How Verhofstadt’s ‘EU Army’ Words Link to May’s Deal

This social media message below from Guy Verhofstadt, the EU Parliament’s Brexit negotiator, has been shared widely including by many MPs six months after it was posted because it refers to an EU army.

What Verhofstadt calls ‘EU army’ is the Lisbon Treaty’s ‘Common Defence’. This means the EU would have an EU army without people seeing any difference in the appearance of member state militaries. The path to ‘Common Defence’ is the legislative train and track known as ‘Common Security and Defence Policy’ (CSDP). May, Boris, Alan Duncan and senior diplomat Angus Lapsley all had a role in attaching us to this train between 2016 and 2017.

May’s so-called ‘exit’ deal would actually keep us attached to it in perpetuity after Brexit via three commitments: 1. European Defence Agency, 2. European Defence Fund and 3. Pesco. All require the UK to be in CSDP and having made a pledge in the Political Declaration, the EU would enforce it on pain of the backstop. (Continued below.)

While Boris appears to have been unwitting, other ministers’ excuse for putting the UK into this has been defence industrial proximity to the EU to ‘benefit’ UK companies (at the expense of UK decision-making authority). In fact, UK companies would suffer and not benefit from EU defence industry arrangements — licensing loss and the requirement for broad consortia across several member states mean investment and expertise are spread thinly EU-wide. The obligatory continuation of the damaging EU defence directives would force UK Government to stop giving contracts straight to British companies and buy from the cheapest EU-wide company instead. A loss for British jobs, skills and investment.

Although UK compliance with CSDP does not necessarily mean we are joining the final combined EU military in 5 years’ time (current EU target), it does at the very least put us into the locus of EU-controlled military decision making after Brexit.

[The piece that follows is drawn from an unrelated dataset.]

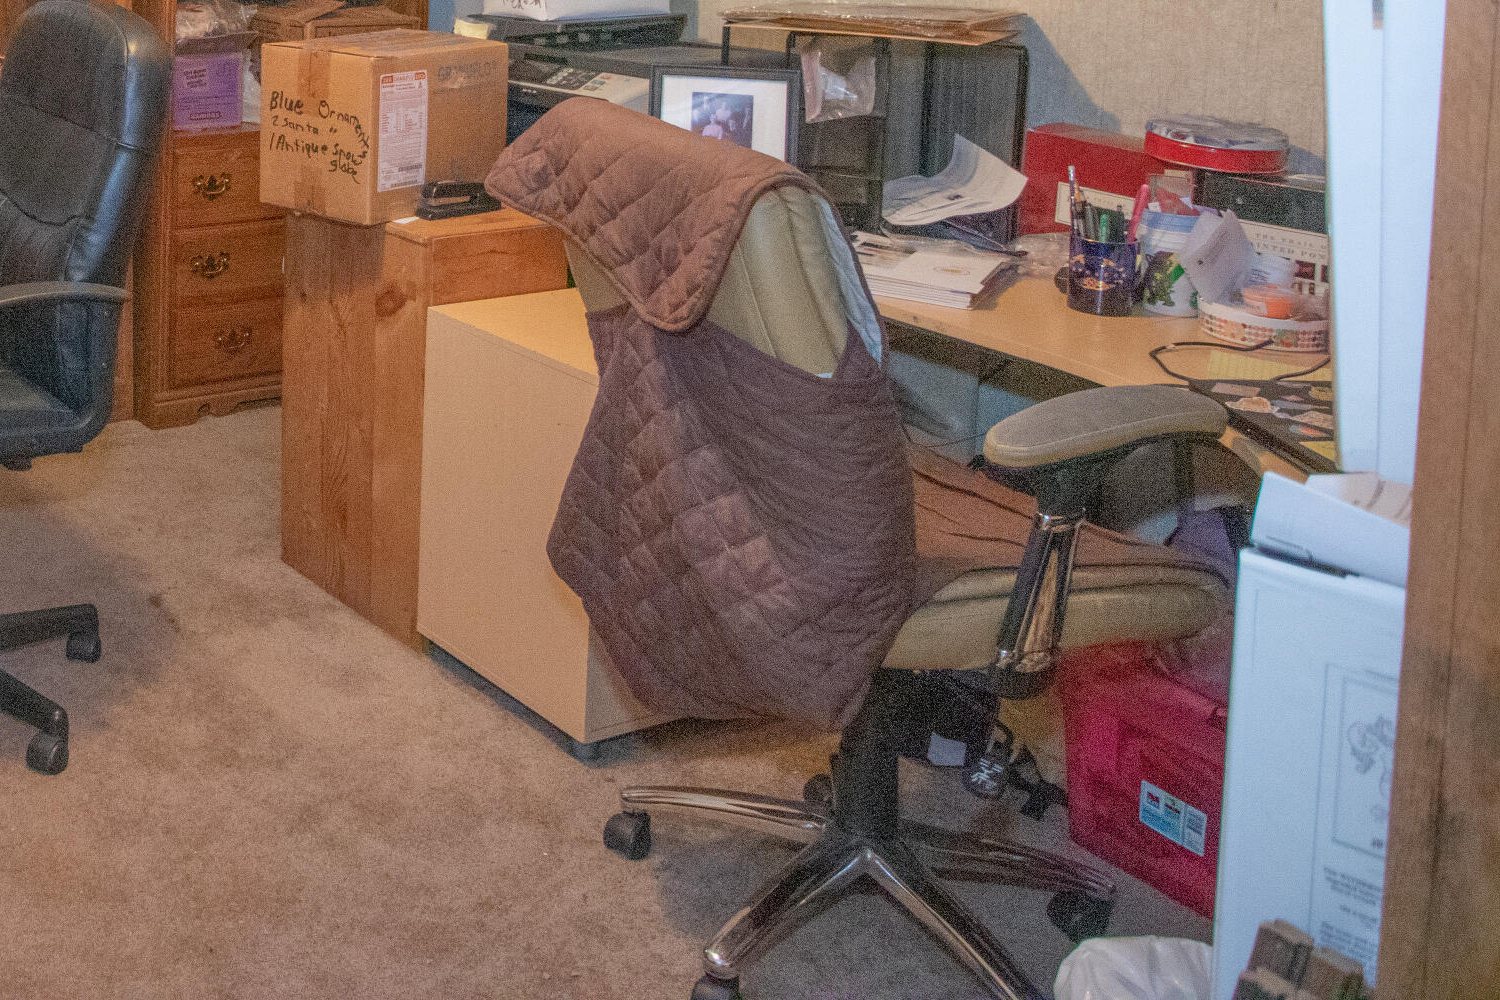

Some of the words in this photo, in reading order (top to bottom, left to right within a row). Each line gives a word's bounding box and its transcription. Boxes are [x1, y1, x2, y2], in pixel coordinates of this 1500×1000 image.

So you see there is an error in MPs merely responding to Verhofstadt types with ‘you should contribute more to NATO’:
a. The EU (and parts of the pro-EU NATO elite) see powergrabbing EU developments as increasing their defence spend.
b. Such statements ignore the reality that EU defence developments are well advanced towards Common Defence and
c. Such statements neglect the major danger for democratic UK defence decision-making independence which arises from being attached to EU defence developments.